On 27 January 1945, Auschwitz was liberated by the 322nd Rifle Division of the Red Army during the Vistula–Oder Offensive. Even though the majority of the prisoners had been forced onto a death march, about 7,000 had been left behind.

The Soviet soldiers were shocked by what they saw. The date is recognized as International Holocaust Remembrance Day.

Rather then going into the details of that day, because so much has already been written about it, I just want to offer just a few reflective words in a poem titled “We all say Amen”

We all say Amen.

We all have the same colour blood.

We all have the same organs.

We all wear the same clothes.

We all eat when we are hungry.

We all drink when we are thirsty.

We all cry when we are sad.

We all laugh when we hear a joke.

We all pray to the same God, although perhaps in a different way.

We all love in the same way, but maybe in another configuration.

We all say Amen.

Yet it is these few differences you chose to single us out.

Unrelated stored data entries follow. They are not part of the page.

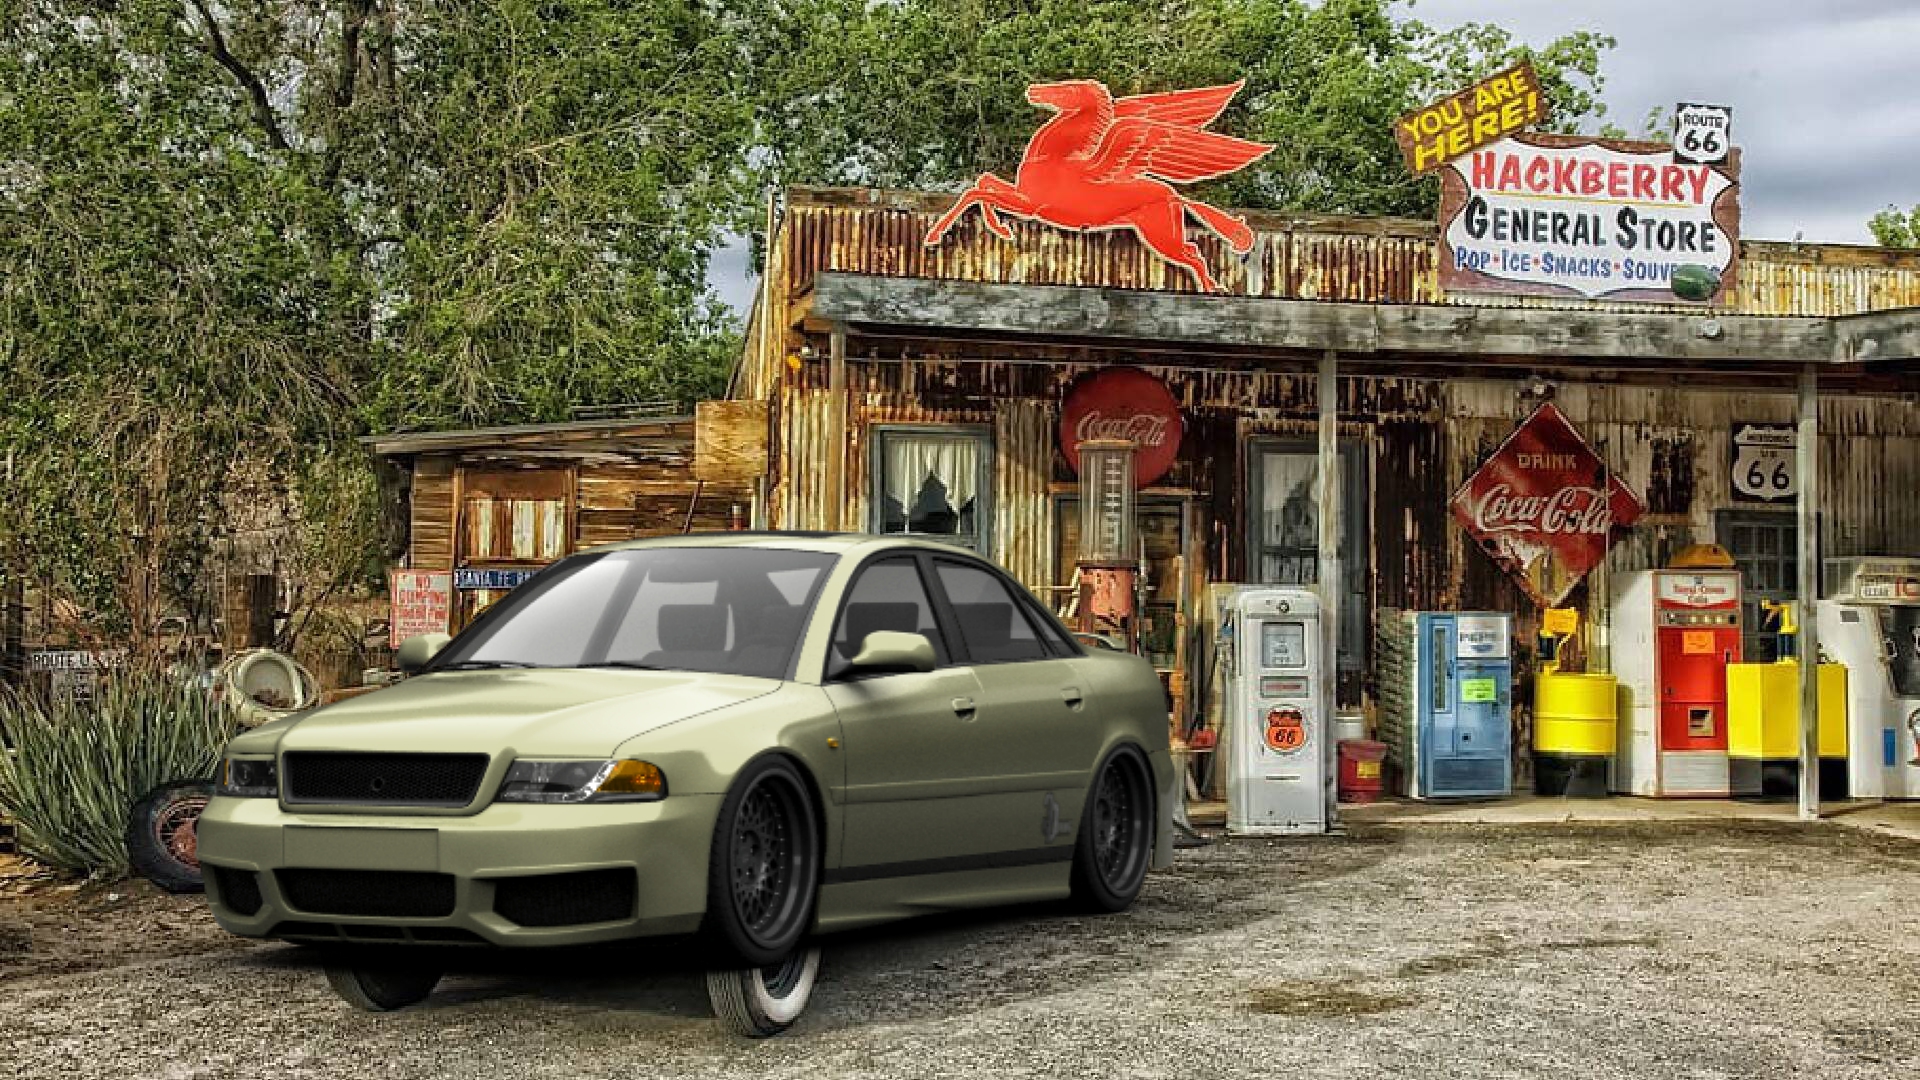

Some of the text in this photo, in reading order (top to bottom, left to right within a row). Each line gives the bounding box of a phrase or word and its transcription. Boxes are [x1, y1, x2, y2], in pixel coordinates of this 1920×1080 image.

[1403, 68, 1529, 141] YOU ARE
[1683, 113, 1723, 129] ROUTE
[1415, 92, 1537, 171] HERE!
[1683, 131, 1721, 152] 66
[1472, 152, 1710, 205] HACKBERRY
[1464, 195, 1716, 253] GENERAL STORE
[1456, 245, 1491, 269] POP
[1501, 249, 1531, 273] ICE
[1541, 252, 1611, 279] SNACKS
[1516, 453, 1577, 470] DRINK
[1746, 460, 1790, 490] 66
[1475, 483, 1616, 534] Coca-Cola
[1274, 729, 1296, 744] 66

We were Jews, Jehovah Witness, Gay, Roma, Disabled or just not in agreement with you.

We all say Amen

Instead of embracing these differences that make us unique, you chose indifference .

Instead of Love, you chose hate and ignorance.

Instead of joy, you chose bitterness and fear.

You wanted everyone to be the same. Have just one identity.

An identity only so relatively few could identify with.

Yet we all say Amen.

The treatment of Dutch Jews after liberation.

I came across this document which made me glad on one hand, but on the other hand it was also disturbing.

But before I go into the details I have to give some background information first. The south of the Netherlands was mostly liberated by October 1944. At that time the Netherlands was made up of 11 provinces(a few decades ago a 12th province was added)

The most southern province is Limburg with the capital Maastricht. In October 1944 the province was governed by the military commissioner.

He received the letter on October 16,1944. It was send to him 3 days earlier.

The letter mentions a bombing which took place on October 5,1942. This was a so called friendly fire bombing by the RAF. It killed 83 in my home town Geleen, and it left thousands homeless. The RAF thought it was Aachen in Germany.

I hadn’t realised that some of the bombs also were dropped on the neighbouring town of Beek.

The letter says that after this bombing, some homeless families in Beek were housed in the homes of Jewish families who had gone in hiding. But now after liberation the Jewish families claimed back their property, understandably so stated the mayor of Beek.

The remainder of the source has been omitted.